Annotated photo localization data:
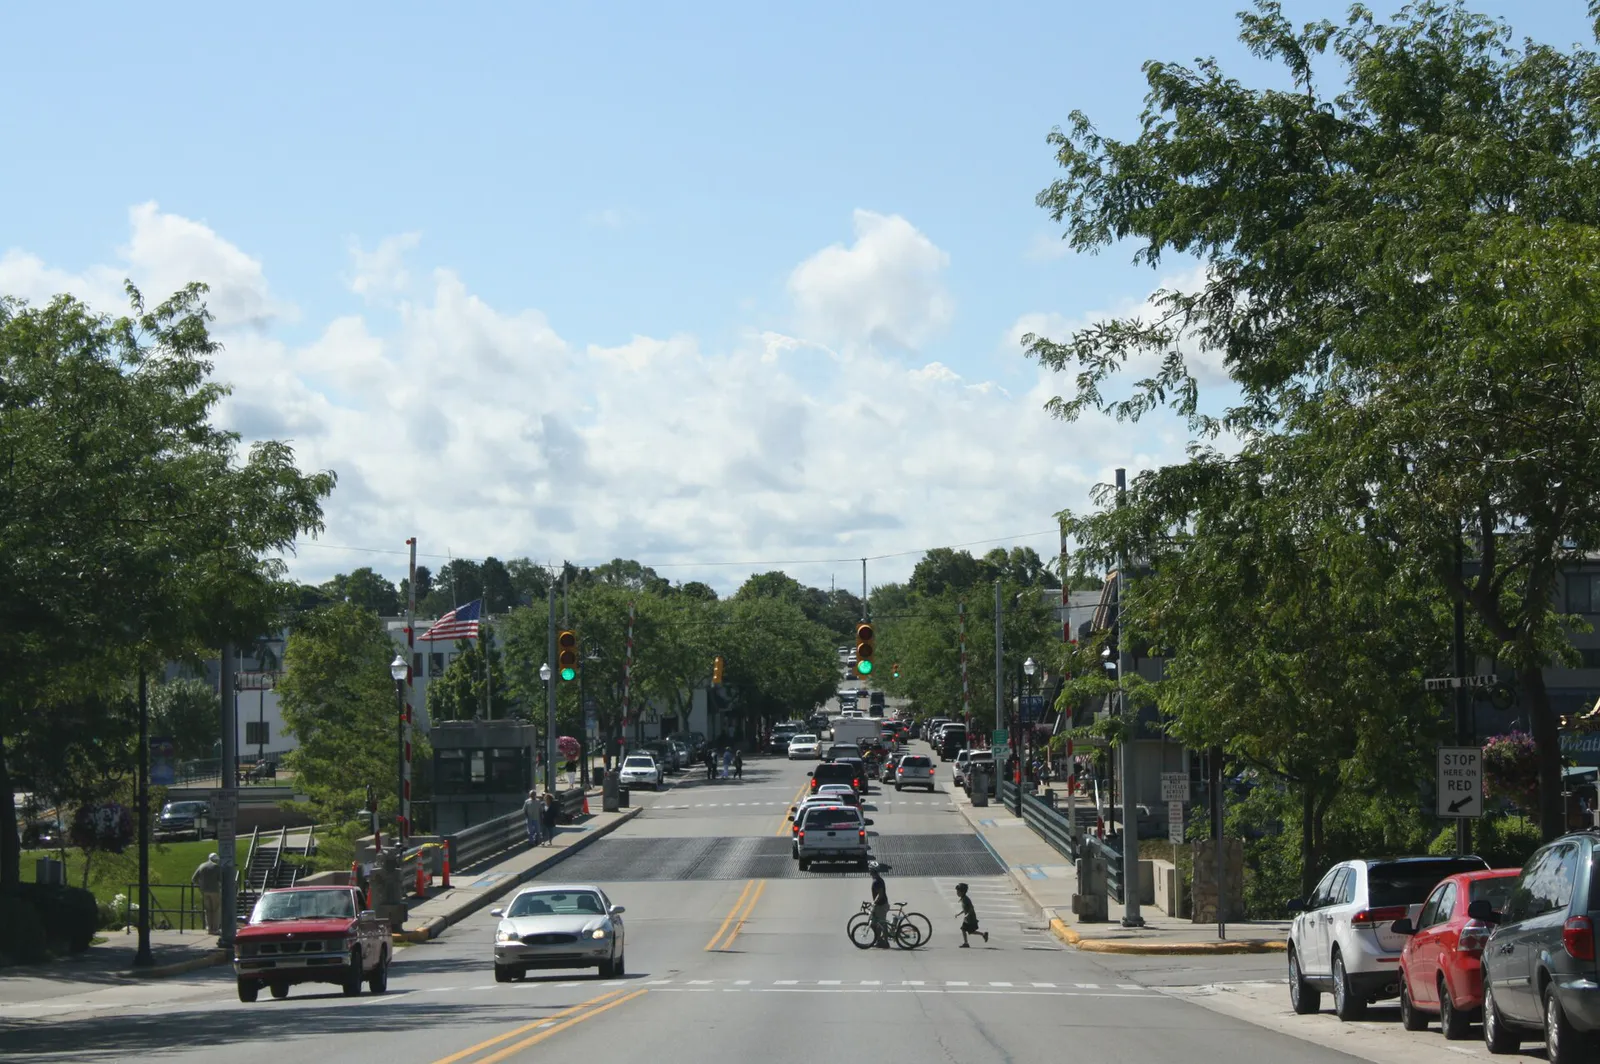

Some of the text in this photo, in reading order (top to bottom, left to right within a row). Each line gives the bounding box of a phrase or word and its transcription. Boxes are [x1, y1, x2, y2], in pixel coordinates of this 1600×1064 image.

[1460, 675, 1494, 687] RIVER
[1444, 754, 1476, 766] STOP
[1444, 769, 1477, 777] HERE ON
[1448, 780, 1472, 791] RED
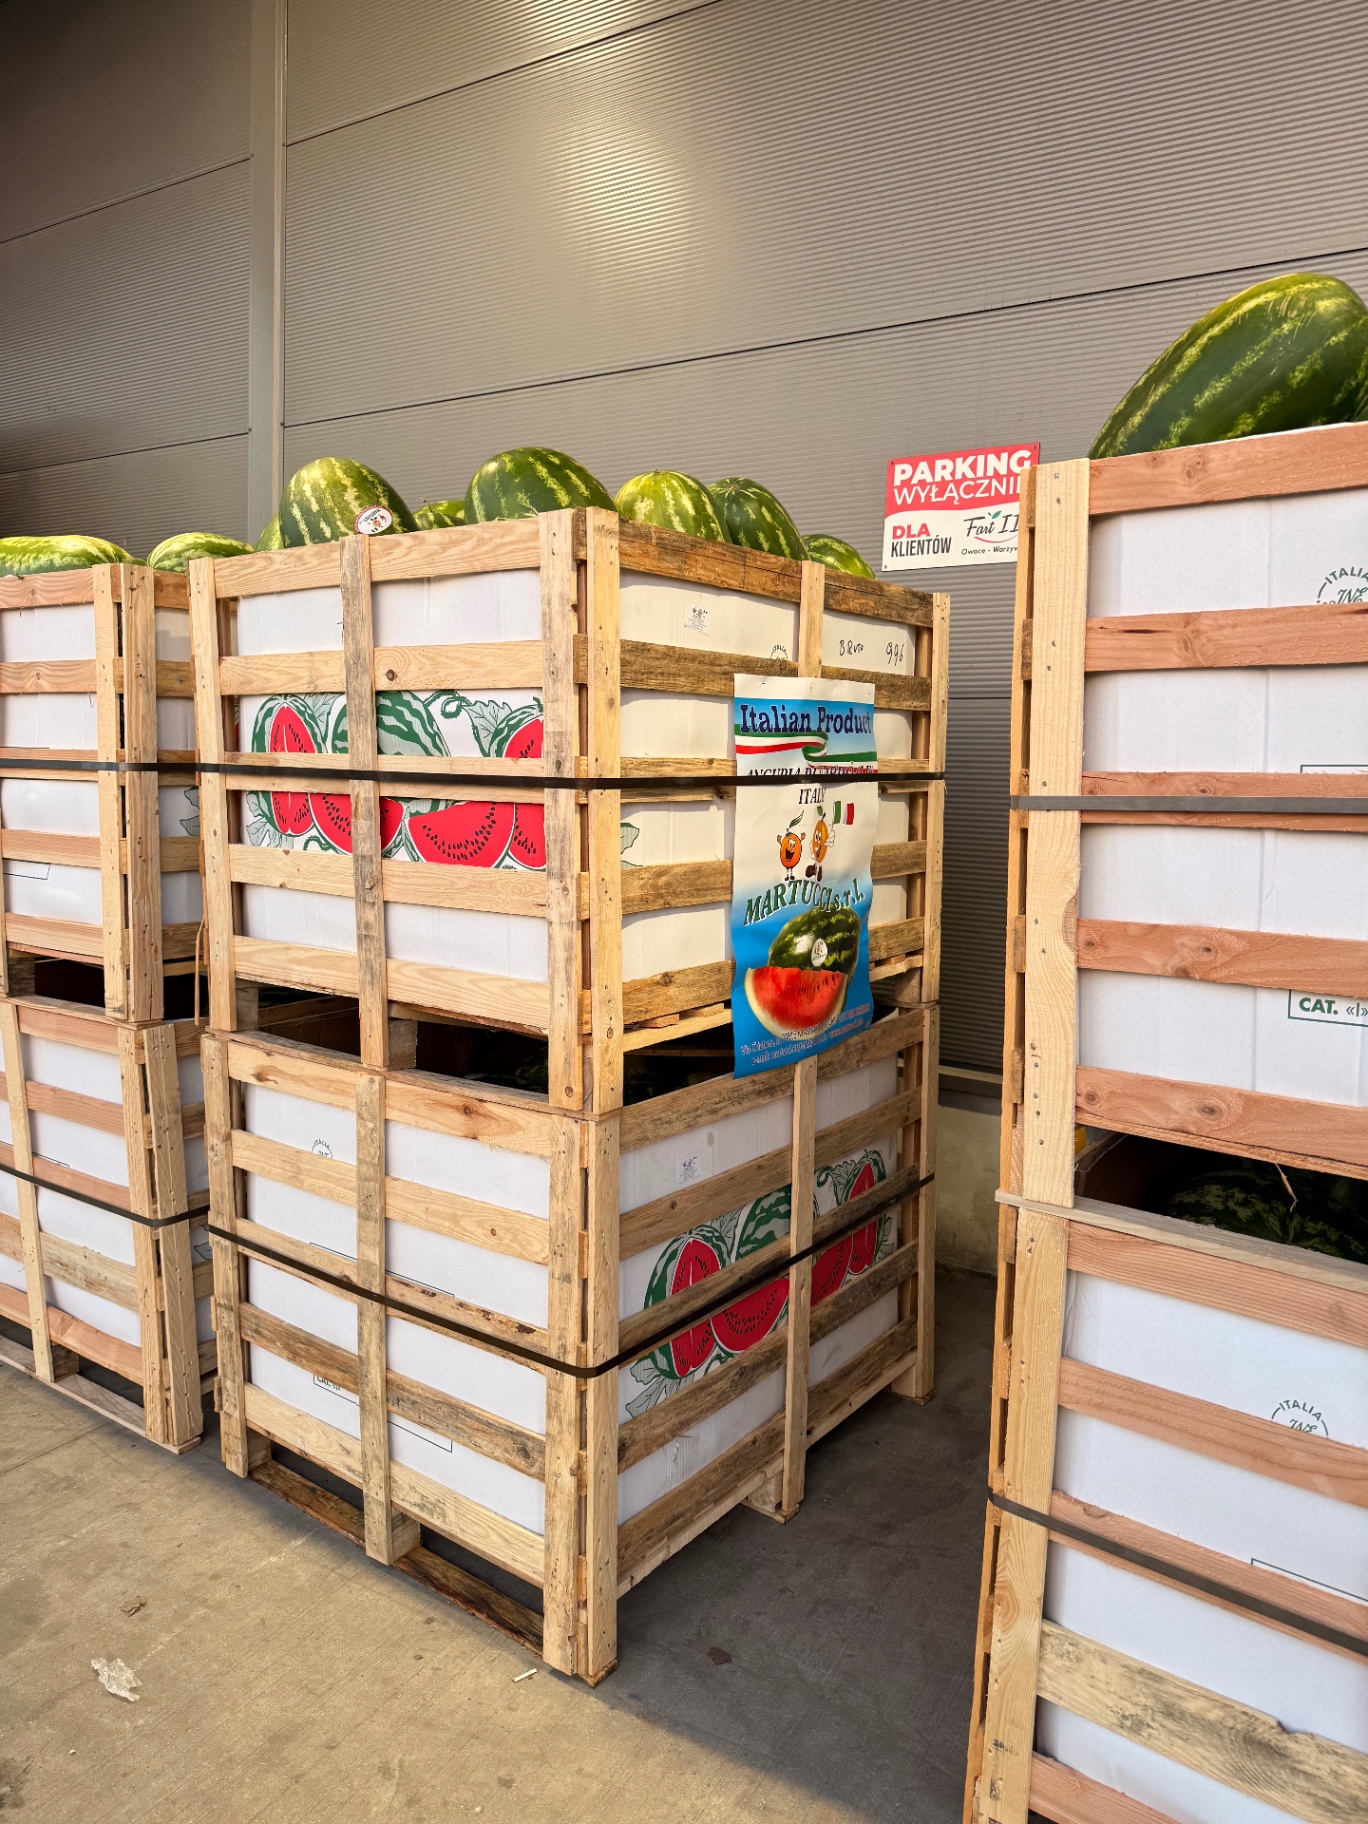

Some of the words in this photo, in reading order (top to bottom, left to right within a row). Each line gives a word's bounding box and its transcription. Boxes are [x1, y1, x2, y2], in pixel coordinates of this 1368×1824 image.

Exercise directions
Skip the pictures and print each record exactly as it stands.

Solution
Some of the text in this photo, in reading order (top to bottom, left to right within a row). Each line gives the bounding box of a phrase or word and its transcription. Boxes are [x1, y1, x2, y2], in pixel coordinates of this 1600×1064 image.

[1460, 675, 1494, 687] RIVER
[1444, 754, 1476, 766] STOP
[1444, 769, 1477, 777] HERE ON
[1448, 780, 1472, 791] RED

Some of the words in this photo, in reading order (top to bottom, left to right within a row). Each line gives a word's bounding box and its transcription. Boxes are [x1, y1, x2, y2], in pixel coordinates of this 1368×1824 image.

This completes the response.